Side Event: The Western Balkans in a Brexiting EU (Organised by International Centre for European Studies (CIFE), The Austro-French Centre for Rapprochement in Europe (CFA) and Institute for International Affairs (IAI))
The Berlin process was launched in 2014 to maintain the impetus of European integration in the Western Balkans in the face key challenges posed to EU’s external policies. In the East, the war in Ukraine and the annexation of Crimea fuelled growing instability at the EU’s doorsteps, while rising influence of non-Western powers continued to spread throughout the Western Balkans. The EU’s approach towards enlargement – undermined by the statement of European Commission President Jean-Claude Juncker that no accession will take place until 2020 – seemed to have lost its appeal. The Berlin process, against this backdrop, was to further “real additional progress” in the region and thereby reinvigorate the EU’s enlargement strategy. After the last summit in Trieste, Italy, in which the EU reasserted its commitment to support the six Western Balkans countries on their way to membership, the Berlin process is now heading towards London, in a very challenging political context.

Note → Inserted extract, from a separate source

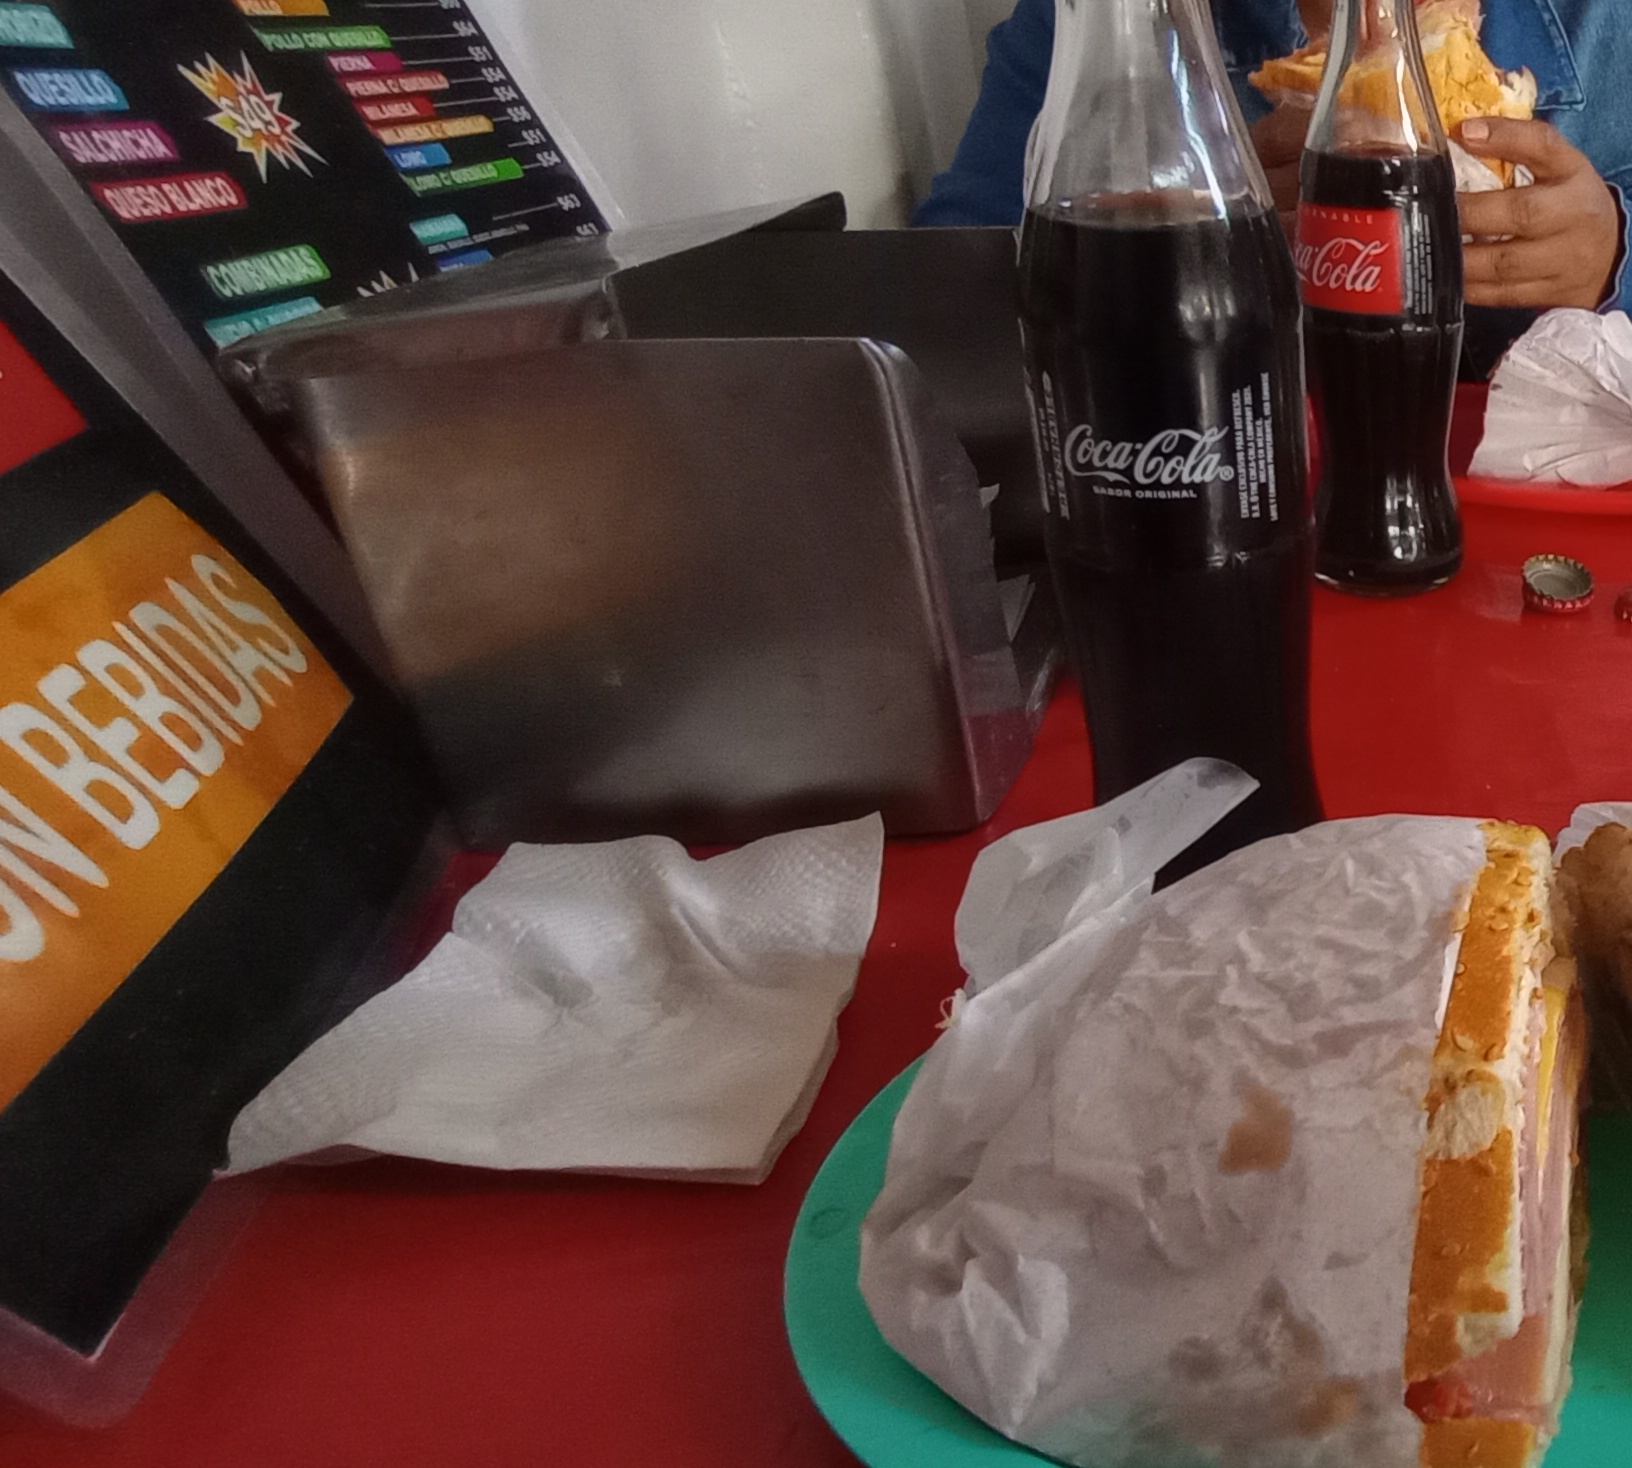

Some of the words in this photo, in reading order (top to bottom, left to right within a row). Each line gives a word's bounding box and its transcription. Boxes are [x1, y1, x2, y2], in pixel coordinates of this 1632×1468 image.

Four years after its launch, what assessment can be done of the Berlin process? Has it given the EU’s enlargement policy a new momentum? How does it intersect with the EU’s enlargement strategy and political agenda? What opportunities and what challenges does it carry in its current form? And what are the implications of the UK hosting the next Berlin Process summit in London in 2018? More generally, also, how does the EU’s enlargement policy relate to the prospects of more differentiated integration and the discussion about the European development model? How is it impacted by the internal contestation of key principles in some Member states, as well as by the growing influences of non-Western powers across the EU and beyond, undermining integration processes?